» **DATA FOR THIS EXERCISE**:
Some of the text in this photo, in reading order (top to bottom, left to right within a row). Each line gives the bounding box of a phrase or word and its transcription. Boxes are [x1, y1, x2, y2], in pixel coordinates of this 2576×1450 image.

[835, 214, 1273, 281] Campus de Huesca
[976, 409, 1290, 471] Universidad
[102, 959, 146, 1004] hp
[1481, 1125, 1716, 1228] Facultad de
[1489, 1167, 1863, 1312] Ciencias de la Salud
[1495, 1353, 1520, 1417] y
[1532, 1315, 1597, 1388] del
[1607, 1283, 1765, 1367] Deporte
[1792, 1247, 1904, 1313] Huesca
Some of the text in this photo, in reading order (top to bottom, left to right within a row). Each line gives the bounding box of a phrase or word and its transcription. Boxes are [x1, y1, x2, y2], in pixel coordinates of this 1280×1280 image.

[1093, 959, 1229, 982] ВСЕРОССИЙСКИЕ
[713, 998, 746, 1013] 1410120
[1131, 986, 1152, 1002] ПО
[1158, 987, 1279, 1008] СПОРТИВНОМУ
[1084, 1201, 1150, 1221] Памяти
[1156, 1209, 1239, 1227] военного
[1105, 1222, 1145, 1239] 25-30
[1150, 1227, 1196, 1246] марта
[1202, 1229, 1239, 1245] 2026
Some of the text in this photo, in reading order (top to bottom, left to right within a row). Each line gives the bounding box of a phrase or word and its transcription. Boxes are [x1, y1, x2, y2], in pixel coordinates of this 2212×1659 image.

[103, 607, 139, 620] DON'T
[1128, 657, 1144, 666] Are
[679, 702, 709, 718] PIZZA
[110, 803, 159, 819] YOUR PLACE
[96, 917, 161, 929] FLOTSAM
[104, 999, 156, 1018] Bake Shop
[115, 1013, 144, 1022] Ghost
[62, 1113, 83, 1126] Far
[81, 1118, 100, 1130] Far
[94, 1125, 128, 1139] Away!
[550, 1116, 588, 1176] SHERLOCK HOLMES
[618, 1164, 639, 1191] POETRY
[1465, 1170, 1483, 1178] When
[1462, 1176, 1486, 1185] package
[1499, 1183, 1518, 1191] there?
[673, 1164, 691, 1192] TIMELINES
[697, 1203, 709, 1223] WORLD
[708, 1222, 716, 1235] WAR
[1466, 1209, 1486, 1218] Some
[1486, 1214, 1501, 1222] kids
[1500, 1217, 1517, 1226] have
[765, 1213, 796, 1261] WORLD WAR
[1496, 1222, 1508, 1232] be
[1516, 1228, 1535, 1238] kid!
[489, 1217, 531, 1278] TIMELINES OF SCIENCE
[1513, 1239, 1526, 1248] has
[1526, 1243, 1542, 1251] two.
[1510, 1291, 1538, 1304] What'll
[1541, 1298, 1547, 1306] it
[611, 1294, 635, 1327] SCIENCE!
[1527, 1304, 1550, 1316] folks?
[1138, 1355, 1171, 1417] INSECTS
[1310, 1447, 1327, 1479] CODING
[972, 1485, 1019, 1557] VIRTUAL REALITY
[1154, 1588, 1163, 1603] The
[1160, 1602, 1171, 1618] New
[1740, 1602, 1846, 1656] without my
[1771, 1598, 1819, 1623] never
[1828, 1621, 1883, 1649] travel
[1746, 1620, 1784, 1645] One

» **WHAT THE TASK REQUIRES**: Set down the entries again, exactly as they stand above.

» **OUTPUT**:
Some of the text in this photo, in reading order (top to bottom, left to right within a row). Each line gives the bounding box of a phrase or word and its transcription. Boxes are [x1, y1, x2, y2], in pixel coordinates of this 2576×1450 image.

[835, 214, 1273, 281] Campus de Huesca
[976, 409, 1290, 471] Universidad
[102, 959, 146, 1004] hp
[1481, 1125, 1716, 1228] Facultad de
[1489, 1167, 1863, 1312] Ciencias de la Salud
[1495, 1353, 1520, 1417] y
[1532, 1315, 1597, 1388] del
[1607, 1283, 1765, 1367] Deporte
[1792, 1247, 1904, 1313] Huesca
Some of the text in this photo, in reading order (top to bottom, left to right within a row). Each line gives the bounding box of a phrase or word and its transcription. Boxes are [x1, y1, x2, y2], in pixel coordinates of this 1280×1280 image.

[1093, 959, 1229, 982] ВСЕРОССИЙСКИЕ
[713, 998, 746, 1013] 1410120
[1131, 986, 1152, 1002] ПО
[1158, 987, 1279, 1008] СПОРТИВНОМУ
[1084, 1201, 1150, 1221] Памяти
[1156, 1209, 1239, 1227] военного
[1105, 1222, 1145, 1239] 25-30
[1150, 1227, 1196, 1246] марта
[1202, 1229, 1239, 1245] 2026
Some of the text in this photo, in reading order (top to bottom, left to right within a row). Each line gives the bounding box of a phrase or word and its transcription. Boxes are [x1, y1, x2, y2], in pixel coordinates of this 2212×1659 image.

[103, 607, 139, 620] DON'T
[1128, 657, 1144, 666] Are
[679, 702, 709, 718] PIZZA
[110, 803, 159, 819] YOUR PLACE
[96, 917, 161, 929] FLOTSAM
[104, 999, 156, 1018] Bake Shop
[115, 1013, 144, 1022] Ghost
[62, 1113, 83, 1126] Far
[81, 1118, 100, 1130] Far
[94, 1125, 128, 1139] Away!
[550, 1116, 588, 1176] SHERLOCK HOLMES
[618, 1164, 639, 1191] POETRY
[1465, 1170, 1483, 1178] When
[1462, 1176, 1486, 1185] package
[1499, 1183, 1518, 1191] there?
[673, 1164, 691, 1192] TIMELINES
[697, 1203, 709, 1223] WORLD
[708, 1222, 716, 1235] WAR
[1466, 1209, 1486, 1218] Some
[1486, 1214, 1501, 1222] kids
[1500, 1217, 1517, 1226] have
[765, 1213, 796, 1261] WORLD WAR
[1496, 1222, 1508, 1232] be
[1516, 1228, 1535, 1238] kid!
[489, 1217, 531, 1278] TIMELINES OF SCIENCE
[1513, 1239, 1526, 1248] has
[1526, 1243, 1542, 1251] two.
[1510, 1291, 1538, 1304] What'll
[1541, 1298, 1547, 1306] it
[611, 1294, 635, 1327] SCIENCE!
[1527, 1304, 1550, 1316] folks?
[1138, 1355, 1171, 1417] INSECTS
[1310, 1447, 1327, 1479] CODING
[972, 1485, 1019, 1557] VIRTUAL REALITY
[1154, 1588, 1163, 1603] The
[1160, 1602, 1171, 1618] New
[1740, 1602, 1846, 1656] without my
[1771, 1598, 1819, 1623] never
[1828, 1621, 1883, 1649] travel
[1746, 1620, 1784, 1645] One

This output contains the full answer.